## TASK DIRECTIONS
Give back the lines below verbatim, omitting all pictures.

_ _ _

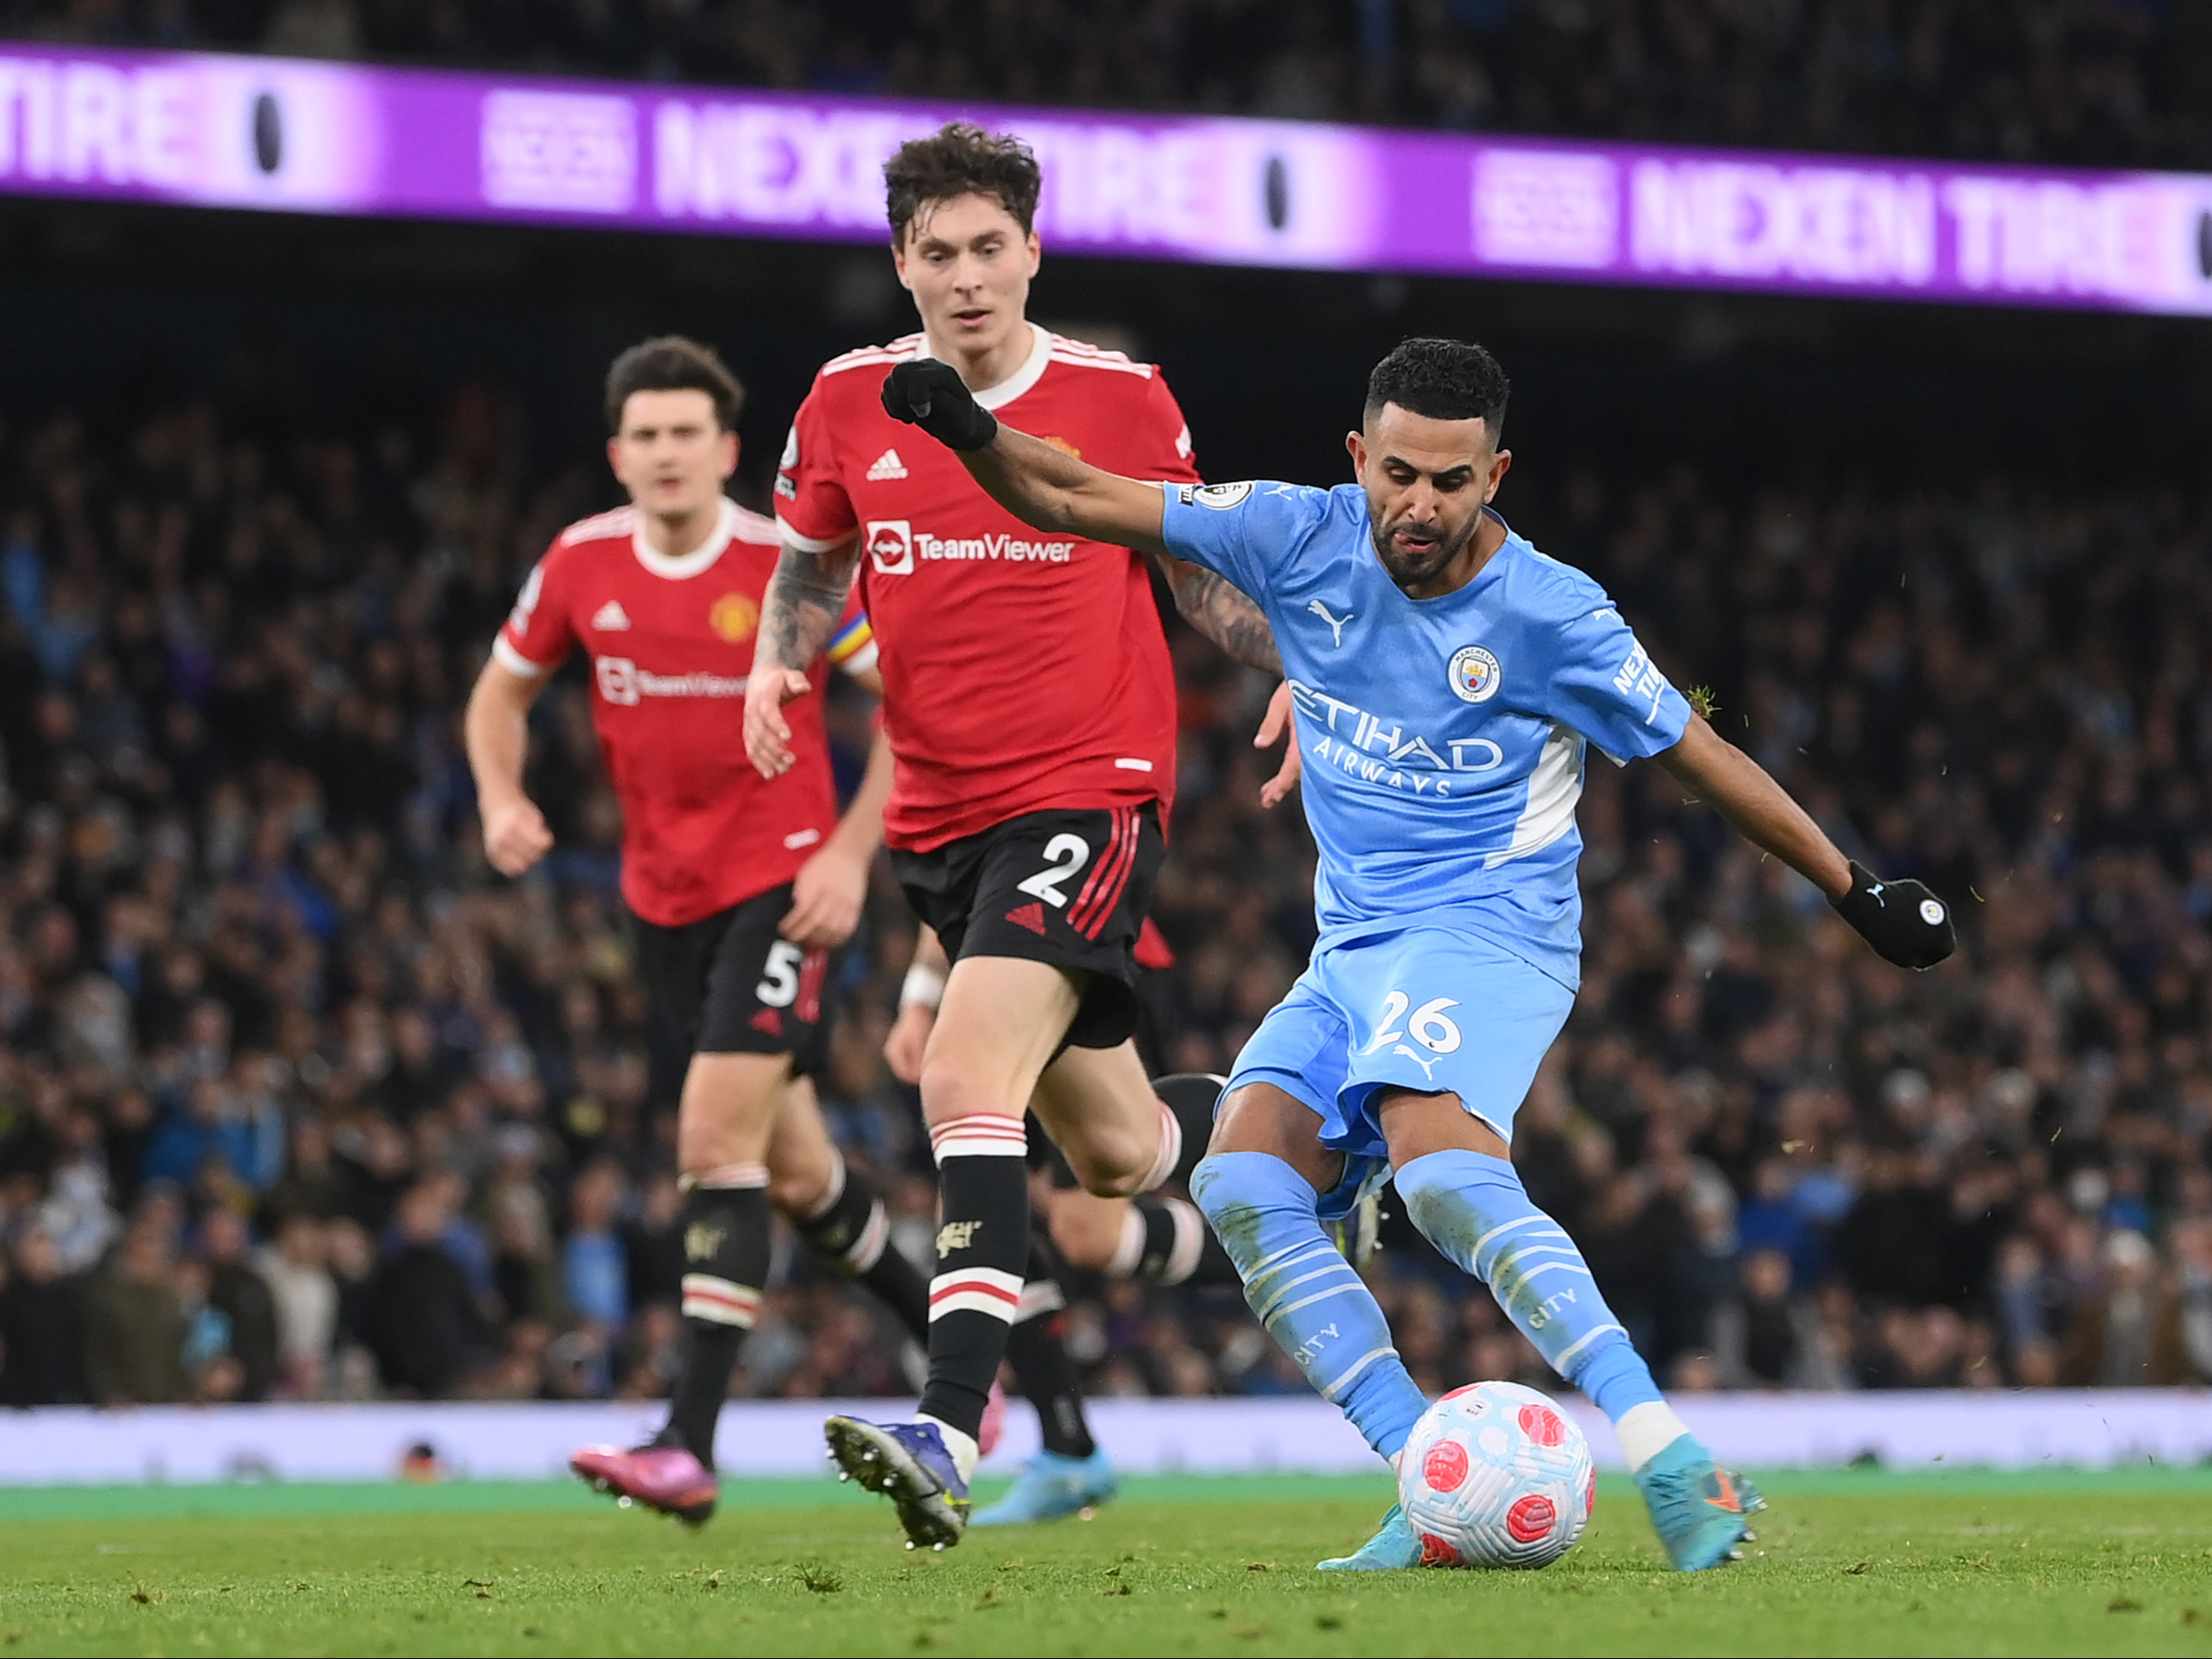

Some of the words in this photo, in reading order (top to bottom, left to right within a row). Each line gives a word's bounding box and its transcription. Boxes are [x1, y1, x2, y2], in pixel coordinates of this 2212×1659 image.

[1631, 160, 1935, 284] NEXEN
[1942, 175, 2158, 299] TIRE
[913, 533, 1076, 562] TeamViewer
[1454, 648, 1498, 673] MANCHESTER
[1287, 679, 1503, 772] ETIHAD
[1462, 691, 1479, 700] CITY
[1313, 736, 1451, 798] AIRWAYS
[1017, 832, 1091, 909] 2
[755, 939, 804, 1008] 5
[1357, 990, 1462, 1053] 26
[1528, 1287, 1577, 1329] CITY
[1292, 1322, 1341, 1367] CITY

_ _ _

## EXERCISE OUTPUT
Some of the words in this photo, in reading order (top to bottom, left to right within a row). Each line gives a word's bounding box and its transcription. Boxes are [x1, y1, x2, y2], in pixel coordinates of this 2212×1659 image.

[1631, 160, 1935, 284] NEXEN
[1942, 175, 2158, 299] TIRE
[913, 533, 1076, 562] TeamViewer
[1454, 648, 1498, 673] MANCHESTER
[1287, 679, 1503, 772] ETIHAD
[1462, 691, 1479, 700] CITY
[1313, 736, 1451, 798] AIRWAYS
[1017, 832, 1091, 909] 2
[755, 939, 804, 1008] 5
[1357, 990, 1462, 1053] 26
[1528, 1287, 1577, 1329] CITY
[1292, 1322, 1341, 1367] CITY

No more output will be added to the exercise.